Activity: The entries that follow need to be reproduced exactly, minus any images.

BEGIN

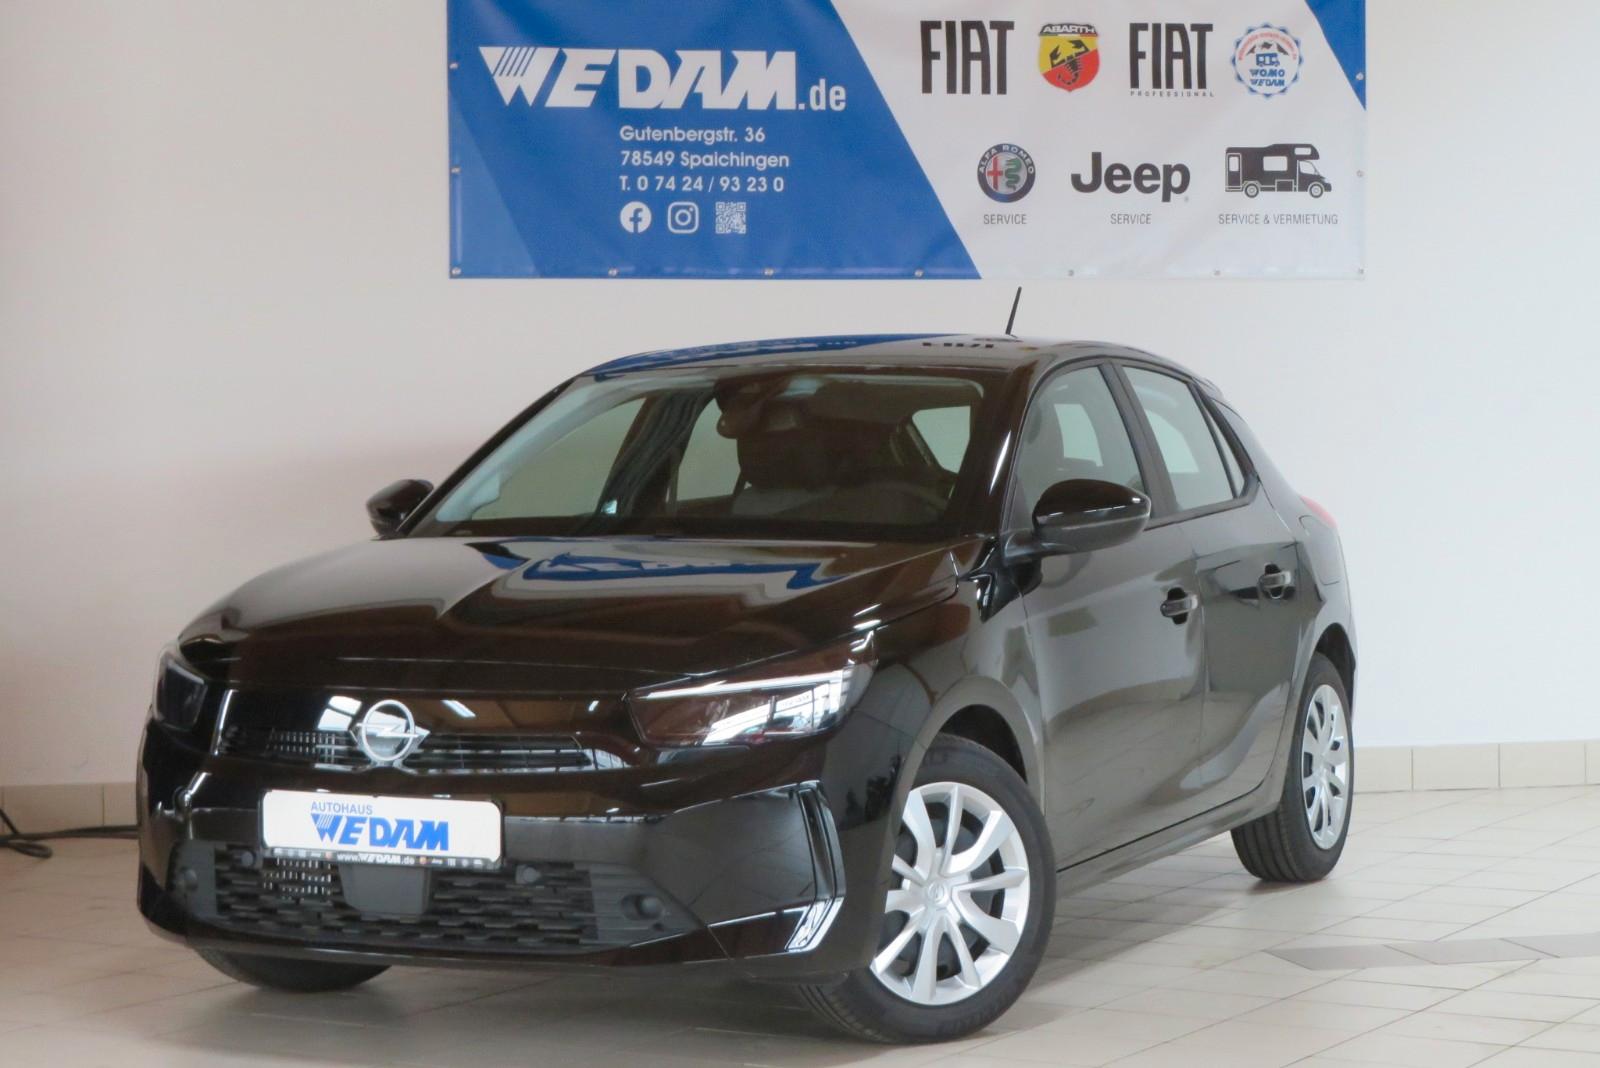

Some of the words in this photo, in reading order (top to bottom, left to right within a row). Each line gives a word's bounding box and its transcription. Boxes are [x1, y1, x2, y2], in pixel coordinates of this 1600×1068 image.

[1043, 24, 1096, 33] ABARTH
[920, 20, 1015, 95] FIAT
[1129, 22, 1213, 90] FIAT
[619, 125, 738, 146] Gutenbergstr.
[744, 127, 766, 142] 36
[620, 150, 675, 167] 78549
[680, 151, 790, 171] Spaichingen
[979, 148, 998, 174] ALFA
[1002, 144, 1034, 174] ROMEO
[619, 175, 631, 191] T.
[636, 175, 649, 191] 0
[655, 176, 676, 191] 74
[682, 176, 704, 192] 24
[719, 176, 741, 192] 93
[746, 177, 768, 192] 23
[773, 177, 785, 192] 0
[1071, 151, 1191, 203] Jeep
[983, 213, 1027, 225] SERVICE
[1110, 213, 1152, 225] SERVICE
[1218, 213, 1260, 225] SERVICE
[1263, 213, 1270, 225] &
[1272, 213, 1339, 225] VERMIETUNG
[311, 801, 373, 815] AUTOHAUS
[310, 813, 449, 851] WEDAM
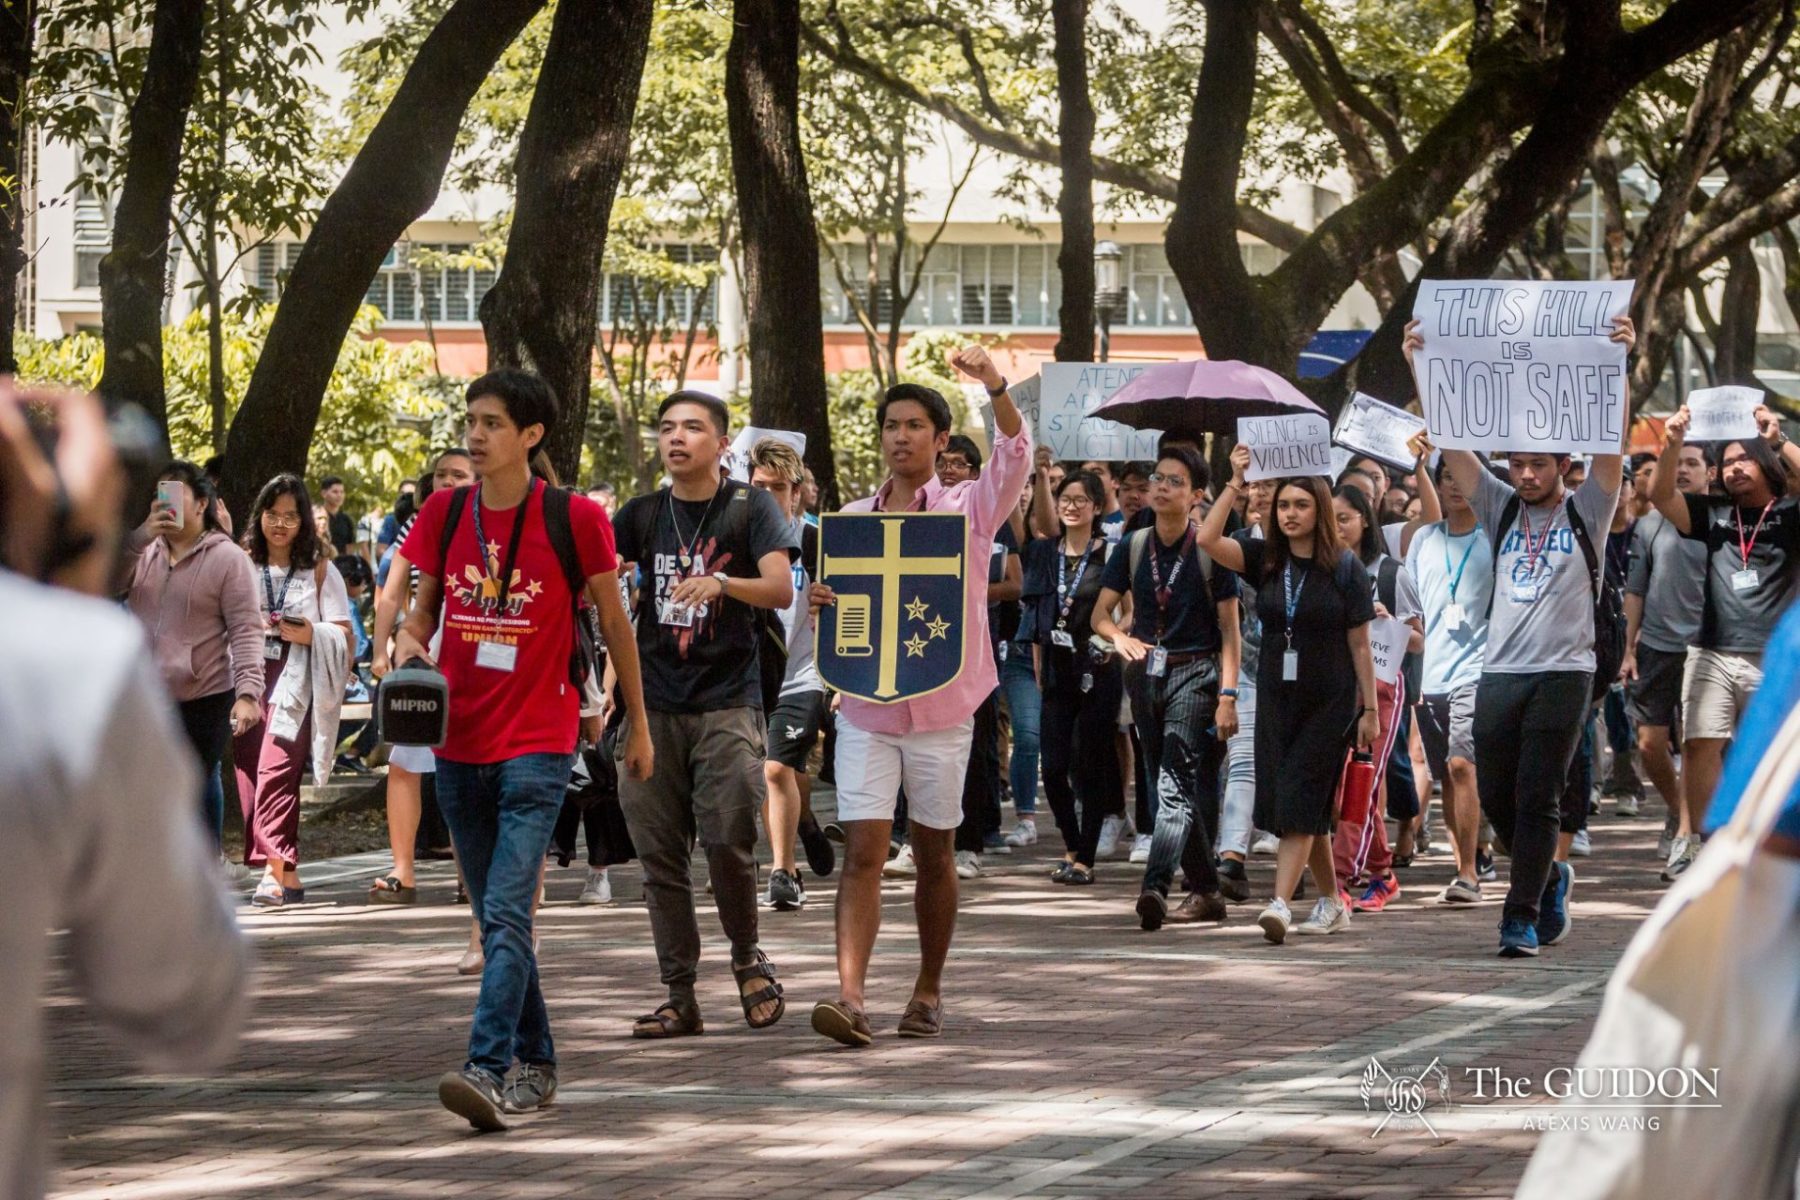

END

Answer:
Some of the words in this photo, in reading order (top to bottom, left to right within a row). Each line gives a word's bounding box and its transcription. Boxes are [x1, y1, x2, y2], in pixel coordinates of this 1600×1068 image.

[1043, 24, 1096, 33] ABARTH
[920, 20, 1015, 95] FIAT
[1129, 22, 1213, 90] FIAT
[619, 125, 738, 146] Gutenbergstr.
[744, 127, 766, 142] 36
[620, 150, 675, 167] 78549
[680, 151, 790, 171] Spaichingen
[979, 148, 998, 174] ALFA
[1002, 144, 1034, 174] ROMEO
[619, 175, 631, 191] T.
[636, 175, 649, 191] 0
[655, 176, 676, 191] 74
[682, 176, 704, 192] 24
[719, 176, 741, 192] 93
[746, 177, 768, 192] 23
[773, 177, 785, 192] 0
[1071, 151, 1191, 203] Jeep
[983, 213, 1027, 225] SERVICE
[1110, 213, 1152, 225] SERVICE
[1218, 213, 1260, 225] SERVICE
[1263, 213, 1270, 225] &
[1272, 213, 1339, 225] VERMIETUNG
[311, 801, 373, 815] AUTOHAUS
[310, 813, 449, 851] WEDAM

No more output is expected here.